Problem statement |
Please give back every entry in full, word for word, but none of the pictures.
═════ Records to process
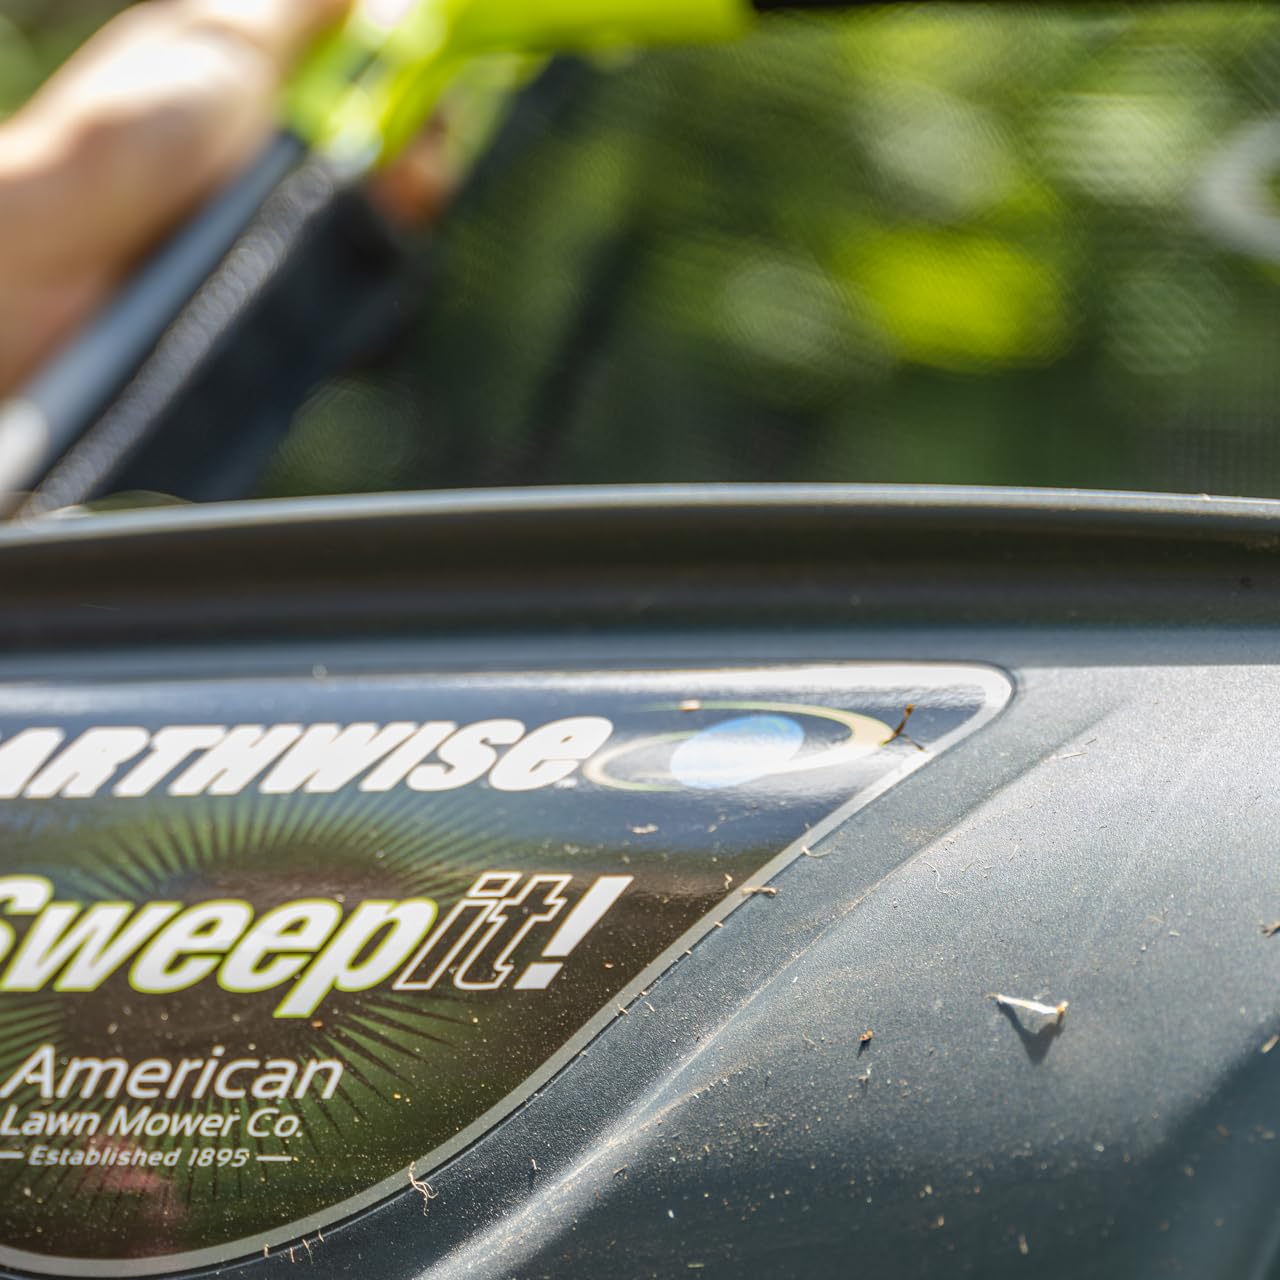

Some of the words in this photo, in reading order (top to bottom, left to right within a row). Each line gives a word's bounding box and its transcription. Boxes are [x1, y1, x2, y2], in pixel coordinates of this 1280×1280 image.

[107, 1106, 240, 1138] Mower
[246, 1108, 304, 1138] Co.
[28, 1145, 180, 1168] Established
[188, 1148, 249, 1168] 1895
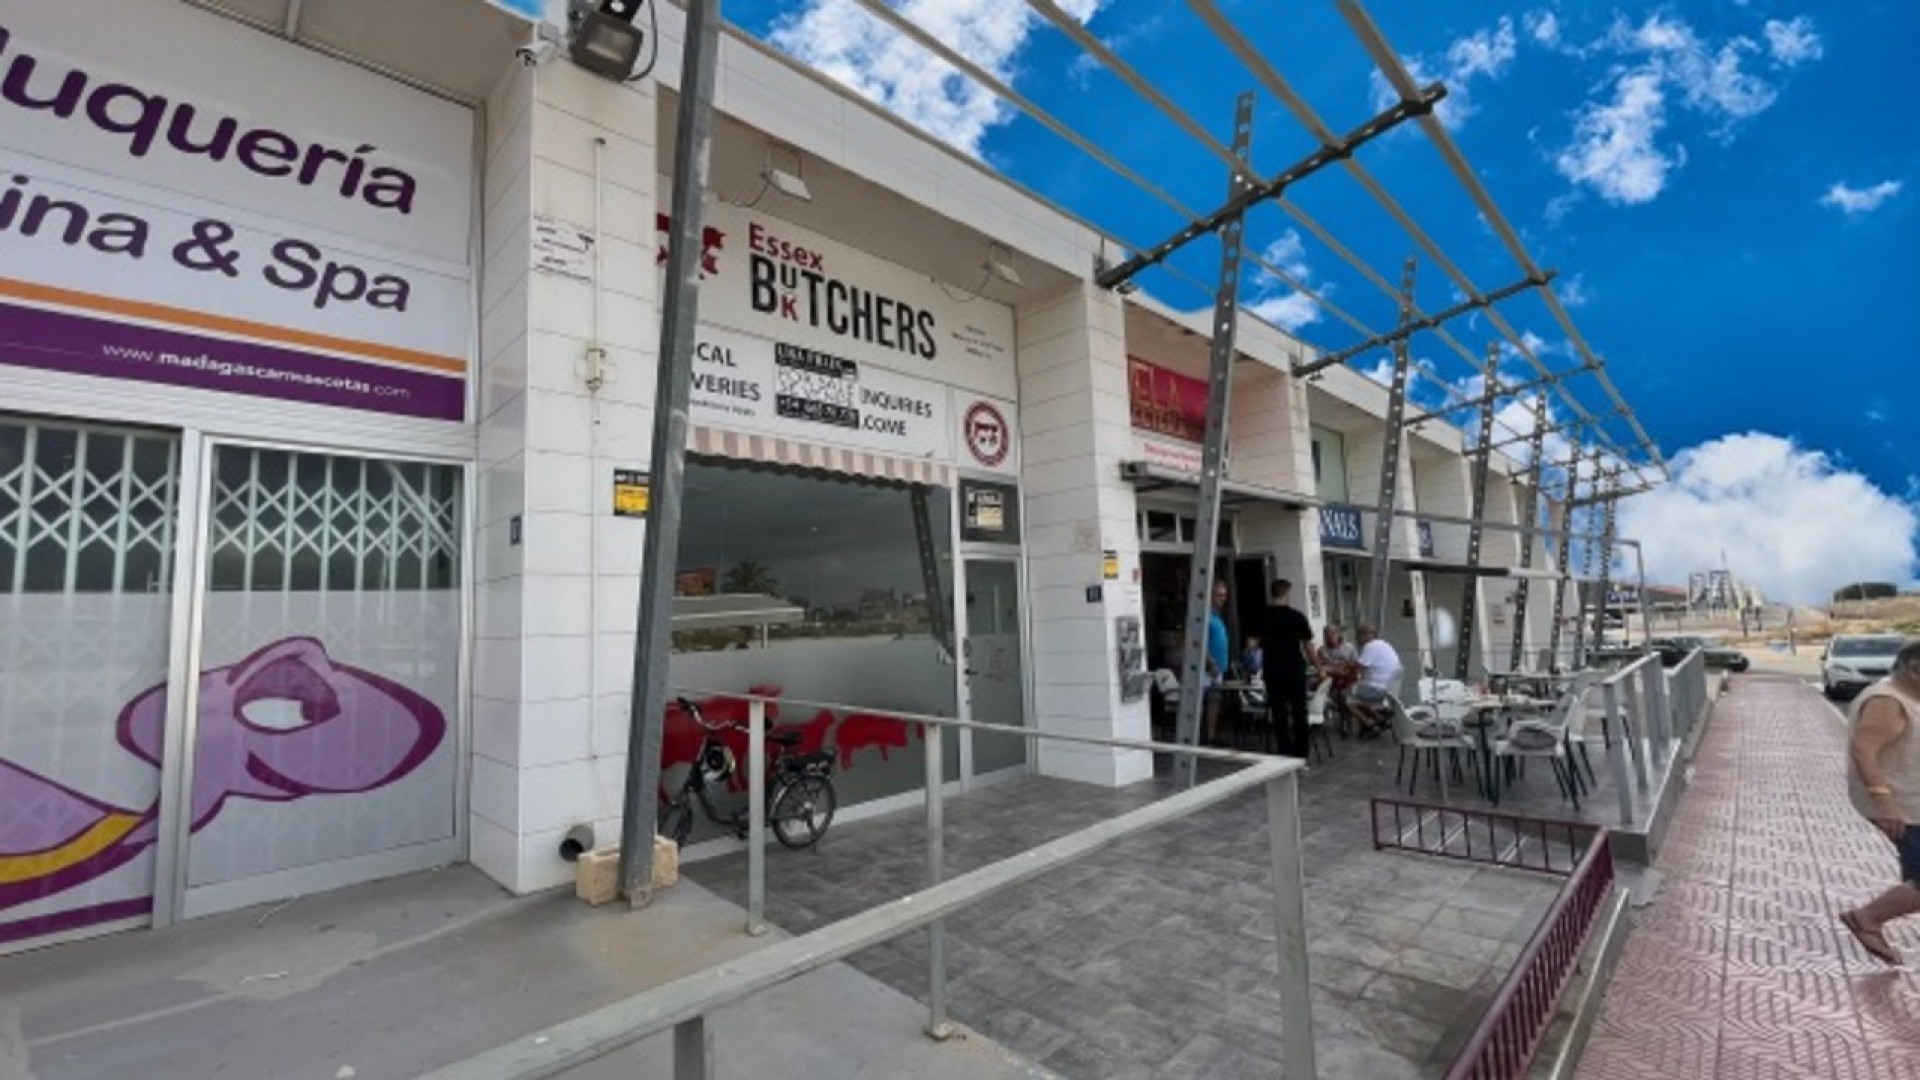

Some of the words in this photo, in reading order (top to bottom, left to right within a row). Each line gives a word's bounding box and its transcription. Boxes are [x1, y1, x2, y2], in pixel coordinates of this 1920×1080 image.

[172, 218, 241, 278] &
[263, 239, 410, 312] Spa
[749, 222, 823, 271] Essex
[752, 254, 936, 360] BUTCHERS
[696, 342, 737, 367] CAL
[691, 372, 762, 402] VERIES
══════════
Task solution |
Some of the words in this photo, in reading order (top to bottom, left to right within a row). Each line gives a word's bounding box and its transcription. Boxes are [x1, y1, x2, y2], in pixel coordinates of this 1280×1280 image.

[107, 1106, 240, 1138] Mower
[246, 1108, 304, 1138] Co.
[28, 1145, 180, 1168] Established
[188, 1148, 249, 1168] 1895

Some of the words in this photo, in reading order (top to bottom, left to right within a row). Each line gives a word's bounding box and its transcription. Boxes are [x1, y1, x2, y2], in pixel coordinates of this 1920×1080 image.

[172, 218, 241, 278] &
[263, 239, 410, 312] Spa
[749, 222, 823, 271] Essex
[752, 254, 936, 360] BUTCHERS
[696, 342, 737, 367] CAL
[691, 372, 762, 402] VERIES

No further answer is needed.